Father Lapsley is currently in the United States and was recently interviewed by Democracy Now about his new book, Redeeming the Past: My Journey from Freedom Fighter to Healer. The book recently received the 2013 Andrew Murray-Desmond Tutu prize for the best Christian and theological book by a South African writer. Watch the video interview or read the full transcript: “Apartheid Regime Bomb Victim Father Michael Lapsley on Using Forgiveness to Heal From Tragedy.”
Bully Blues Busters: Positive Ways to Promote Kindness
Natural Awakenings, Naples, FL – Dr. Robert Enright’s Anti-Bullying Forgiveness Program is one of two anti-bullying programs featured in the February issue of Natural Awakenings, a publication that has more than 3 million readers in 82 US markets. According to Sharon Bruckman, founder of the 20-year-old magazine, “Our job is to keep our finger on the pulse of advancing thought in order to keep everyone apprised of the best healthy-life choices available to them.”
According to the Natural Awakenings article, most school anti-bullying programs focus on the prevention of unwanted behaviors. But Dr. Enright, co-founder of the International Forgiveness Institute, has developed a uniquely different approach.
“Because those that engage in bullying are often filled with rage from having been bullied themselves, they get to a point that they don’t care about the consequences of their actions, including detention,” Dr. Enright says. “Our program is meant to take the anger out of the heart of those that bully, so they bully no more.”
The National Education Association estimates that 160,000 children miss school every day due to fears of being attacked or intimidated by other students.

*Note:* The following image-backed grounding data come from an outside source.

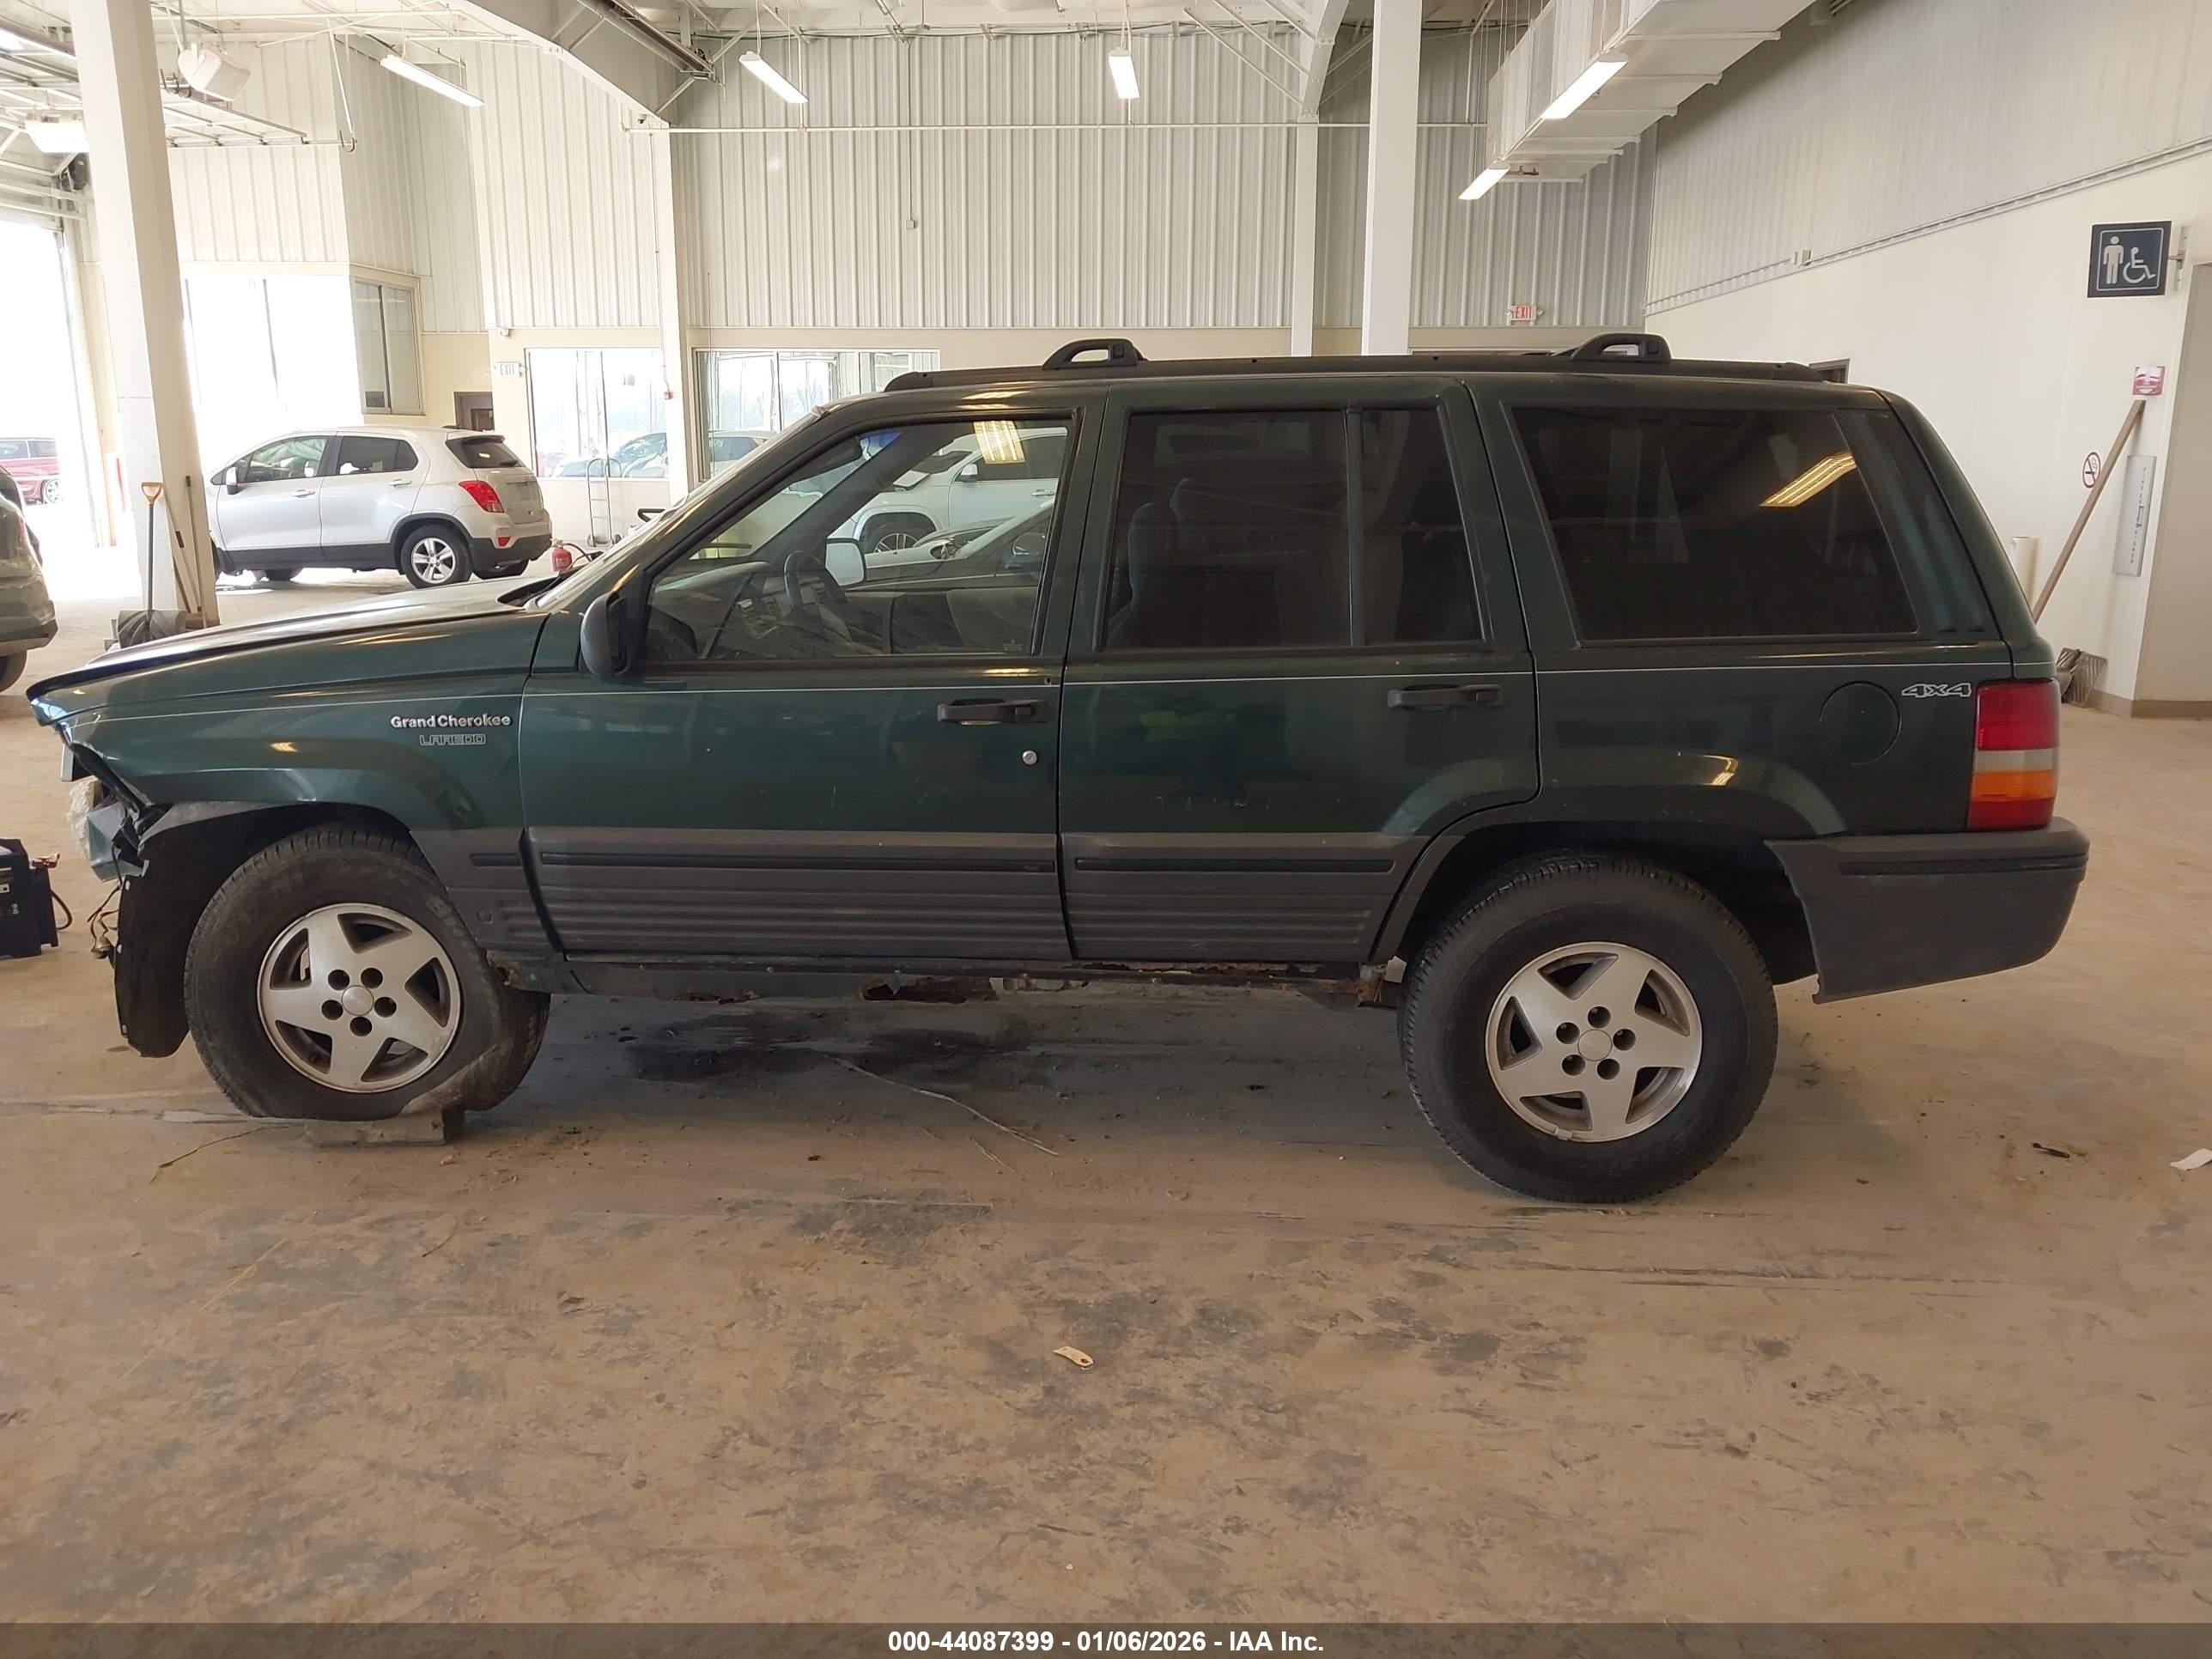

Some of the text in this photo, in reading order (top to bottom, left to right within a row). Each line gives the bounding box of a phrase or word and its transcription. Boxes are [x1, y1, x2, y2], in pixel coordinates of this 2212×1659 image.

[1516, 306, 1532, 319] EXIT
[500, 363, 515, 376] EXIT
[390, 713, 512, 728] Grand Cherokee
[419, 734, 486, 745] LAREDO
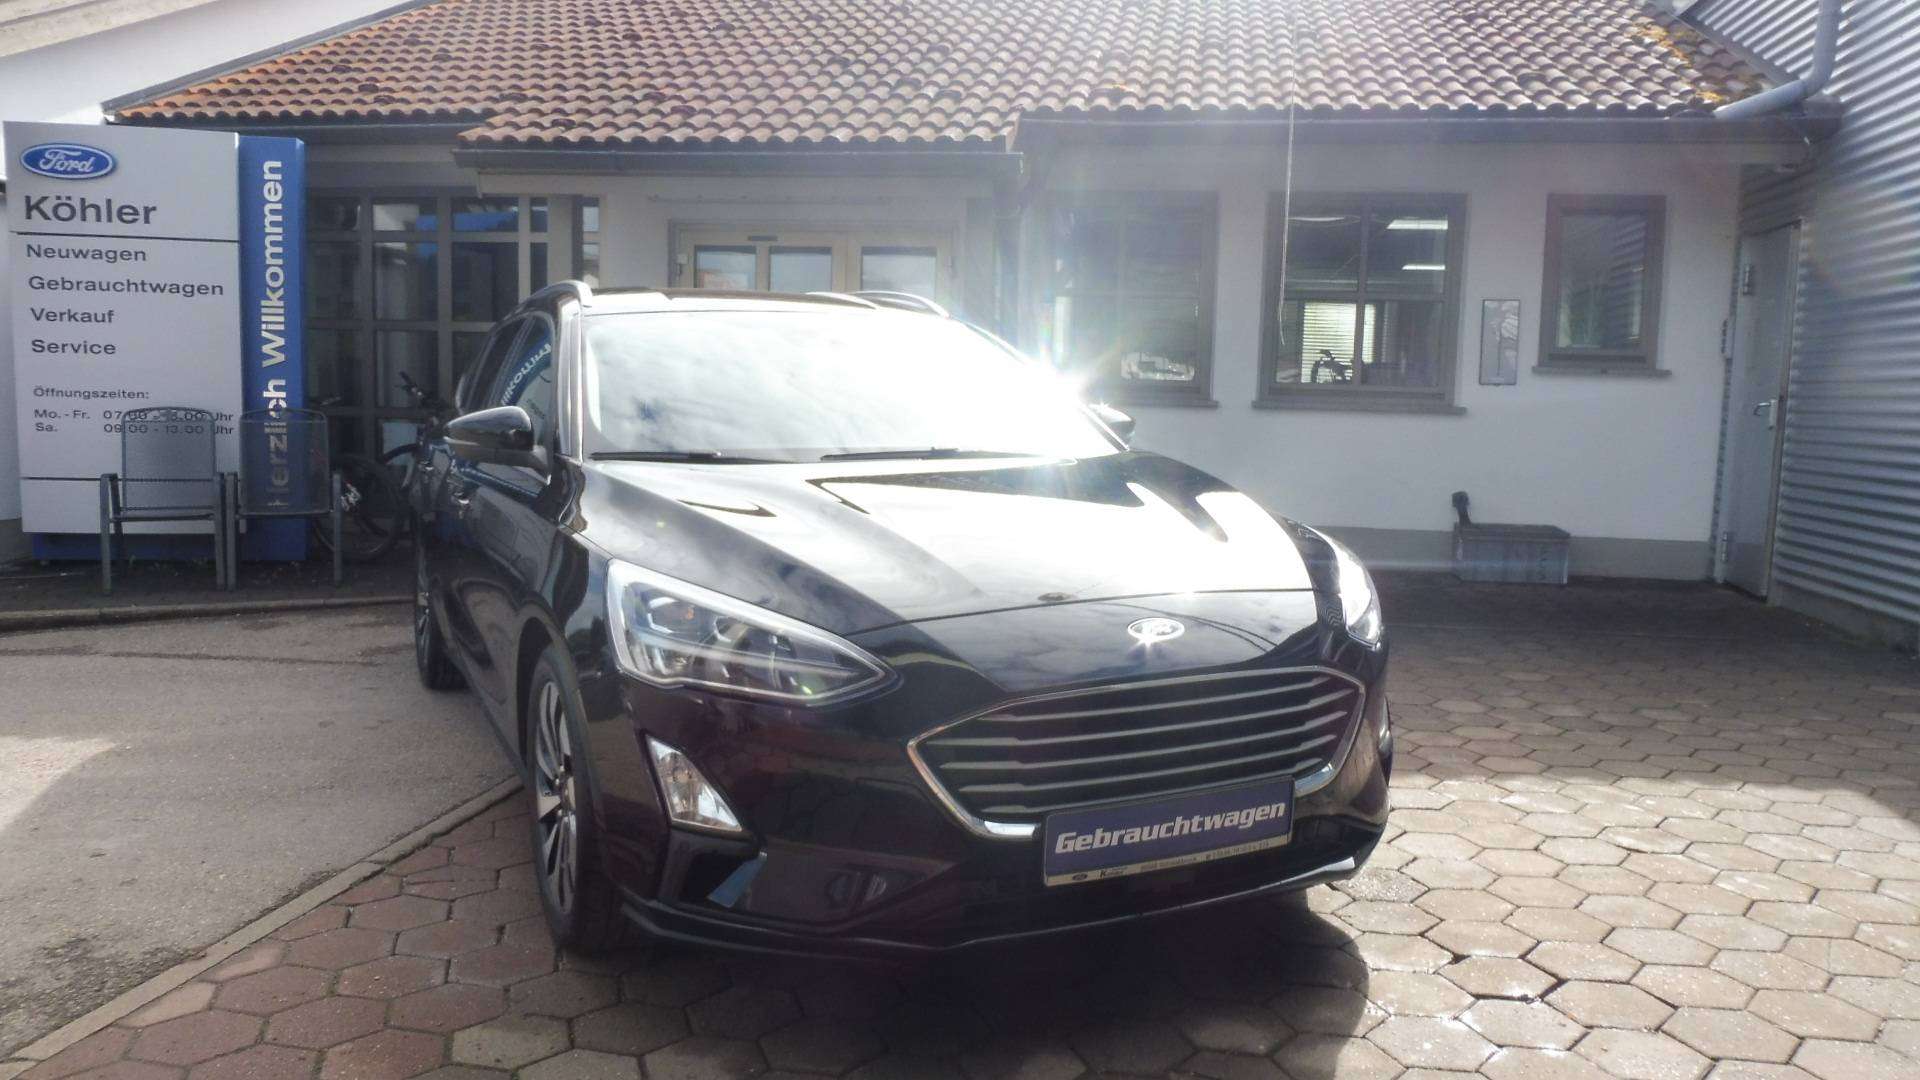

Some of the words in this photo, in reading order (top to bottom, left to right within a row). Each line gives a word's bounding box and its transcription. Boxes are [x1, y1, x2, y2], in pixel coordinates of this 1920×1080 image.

[39, 148, 97, 173] Ford
[24, 194, 157, 224] Köhler
[25, 243, 147, 263] Neuwagen
[260, 160, 286, 368] Willkommen
[28, 275, 224, 298] Gebrauchtwagen
[30, 307, 115, 323] Verkauf
[31, 339, 116, 355] Service
[33, 385, 149, 399] Öffnungszeiten:
[35, 422, 57, 432] Sa.
[1055, 802, 1286, 854] Gebrauchtwagen
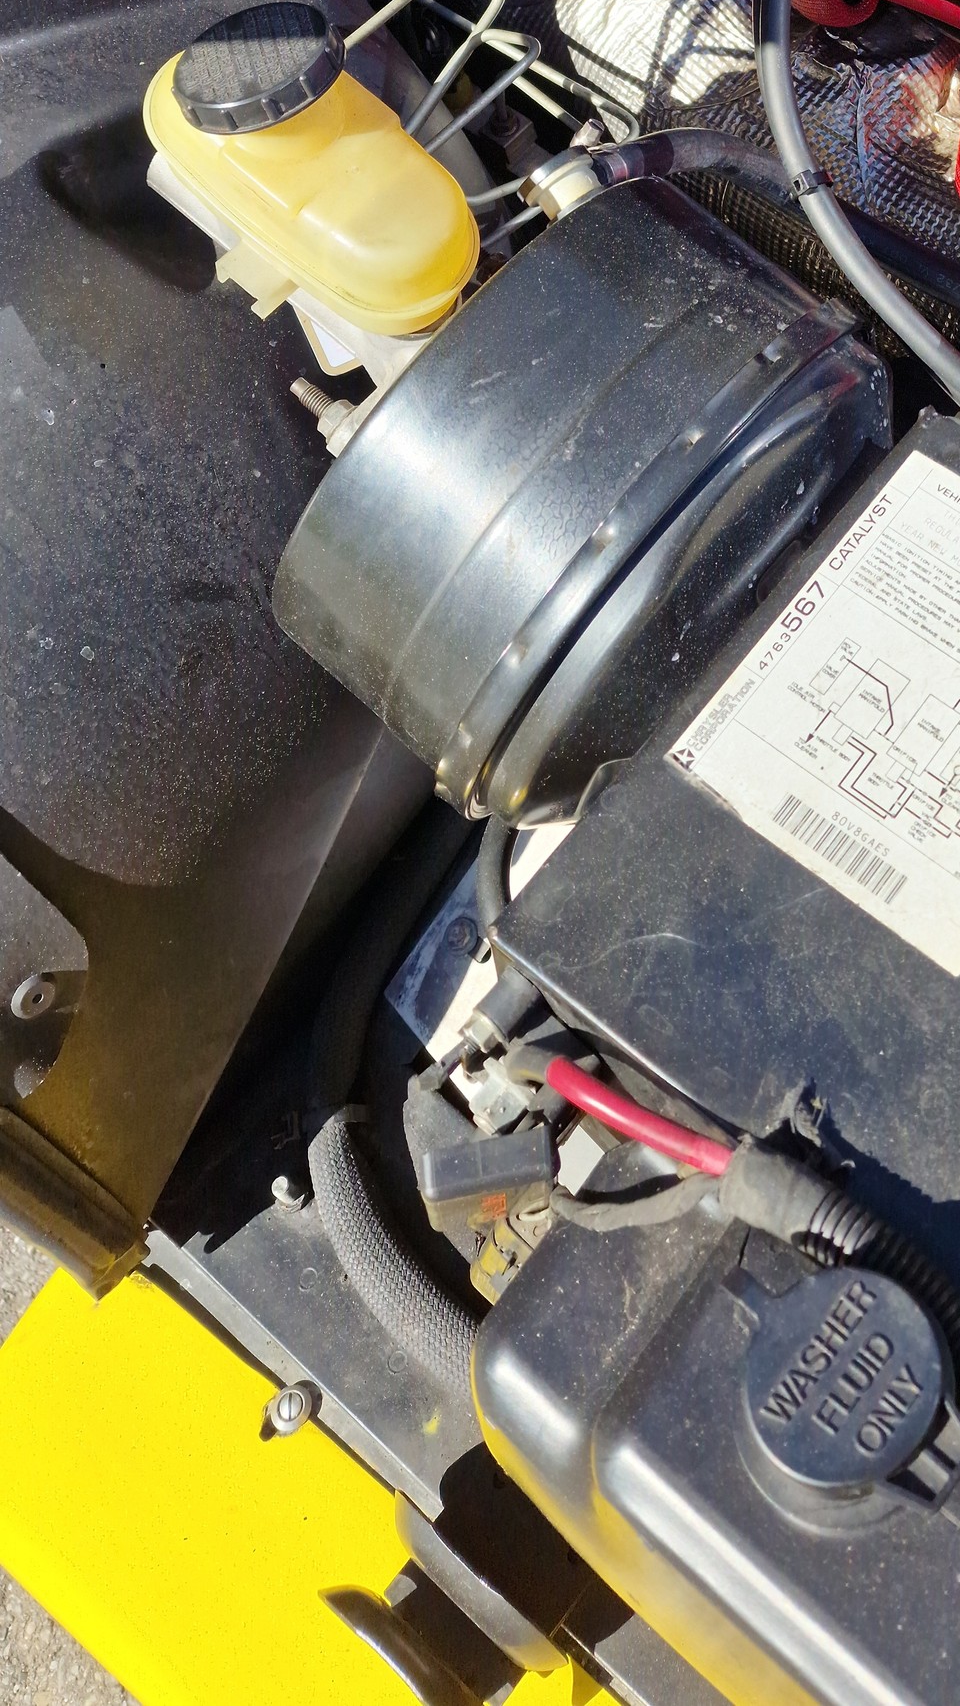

That Natural Awakenings article resulted in WZZM13 ABC TV in Grand Rapids, MI inviting Dr. Matthew Clark to be a guest on the 9 am talk show called Take Five & Company. Dr. Clark, Psy.D., runs The Clark Institute–Private Practice Psychotherapy for Children, Adolescents, and Adults in Grand Rapids. During that 4-minute TV segment, which you can watch at Positive Ways to Promote Kindness in Children,” Dr. Clark mentions the IFI, suggests viewers go to the IFI website, and gives the IFI web address.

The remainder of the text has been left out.